Task description: Pictures are not part of the copy. Reproduce all the records exactly.

──────── Supplied material

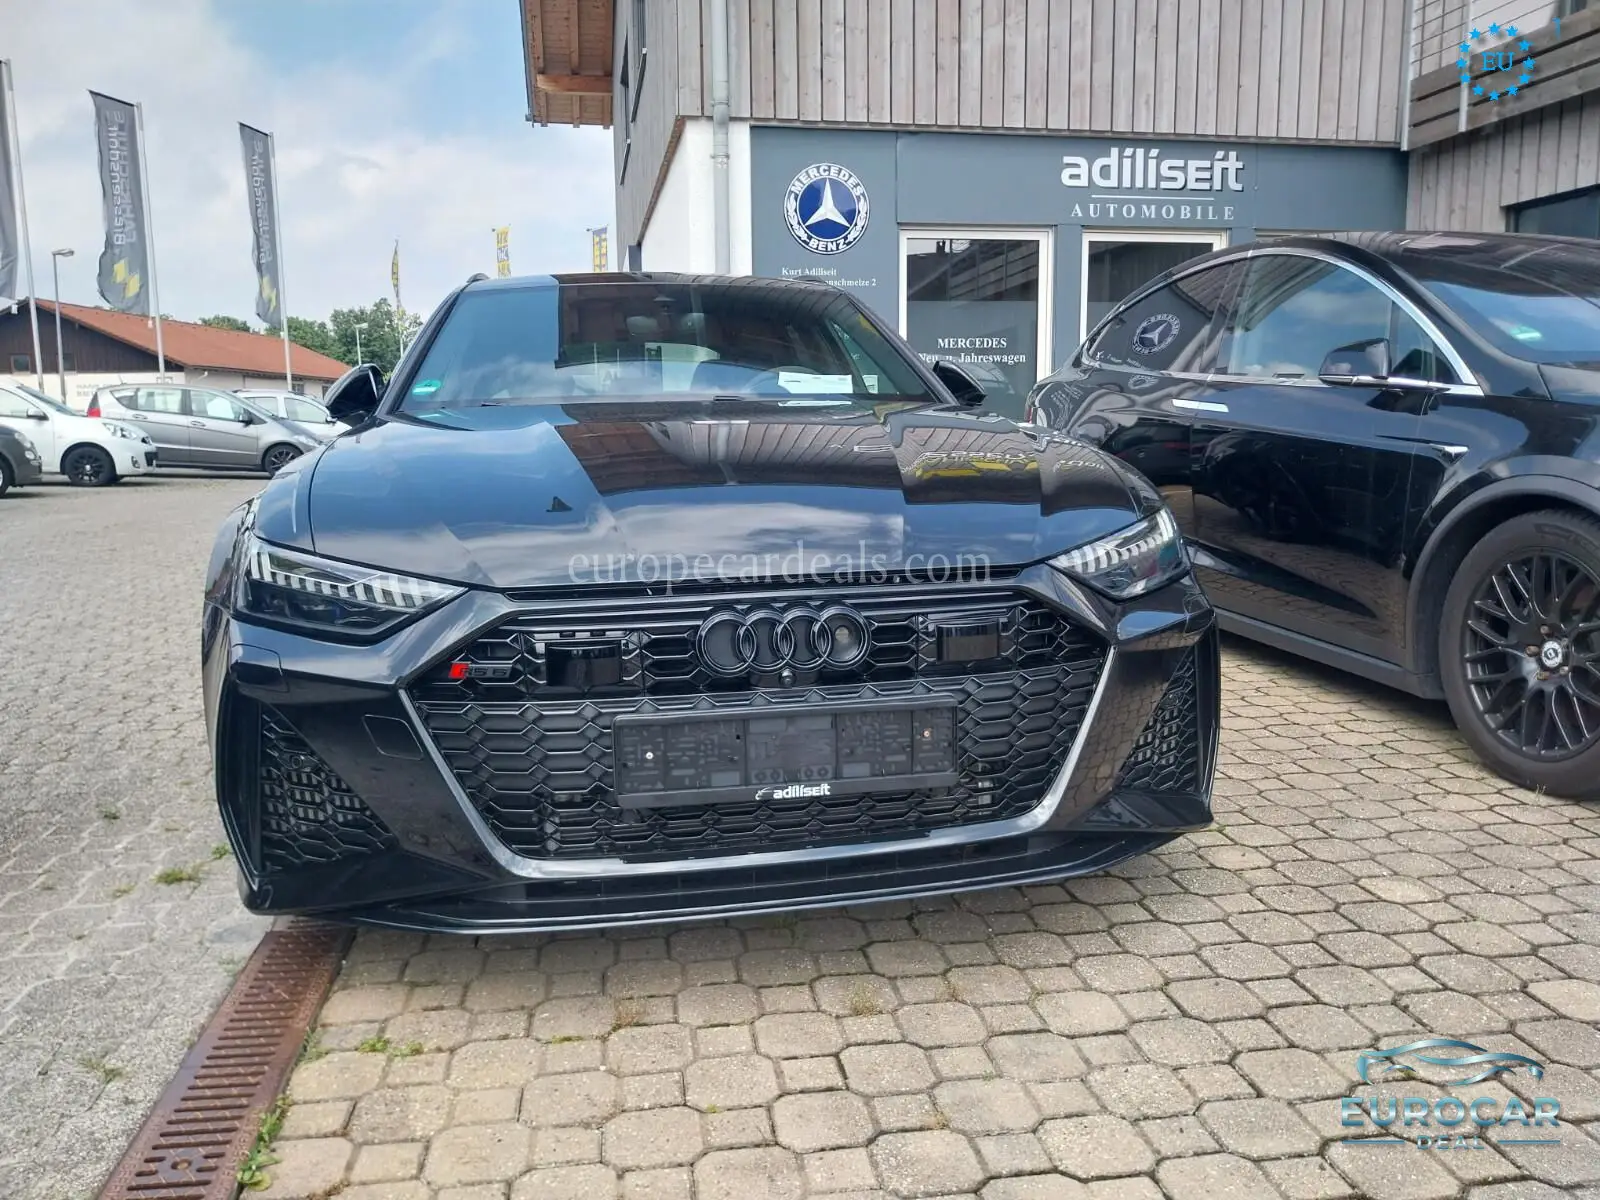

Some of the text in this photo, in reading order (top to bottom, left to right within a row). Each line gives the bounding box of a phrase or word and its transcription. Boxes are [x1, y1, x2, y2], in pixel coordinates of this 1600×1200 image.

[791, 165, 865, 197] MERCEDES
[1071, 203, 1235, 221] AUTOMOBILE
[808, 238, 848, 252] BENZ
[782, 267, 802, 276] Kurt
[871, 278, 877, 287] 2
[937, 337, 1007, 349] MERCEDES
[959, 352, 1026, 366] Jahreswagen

────────────────

Answer for the task:
Some of the text in this photo, in reading order (top to bottom, left to right within a row). Each line gives the bounding box of a phrase or word and its transcription. Boxes are [x1, y1, x2, y2], in pixel coordinates of this 1600×1200 image.

[791, 165, 865, 197] MERCEDES
[1071, 203, 1235, 221] AUTOMOBILE
[808, 238, 848, 252] BENZ
[782, 267, 802, 276] Kurt
[871, 278, 877, 287] 2
[937, 337, 1007, 349] MERCEDES
[959, 352, 1026, 366] Jahreswagen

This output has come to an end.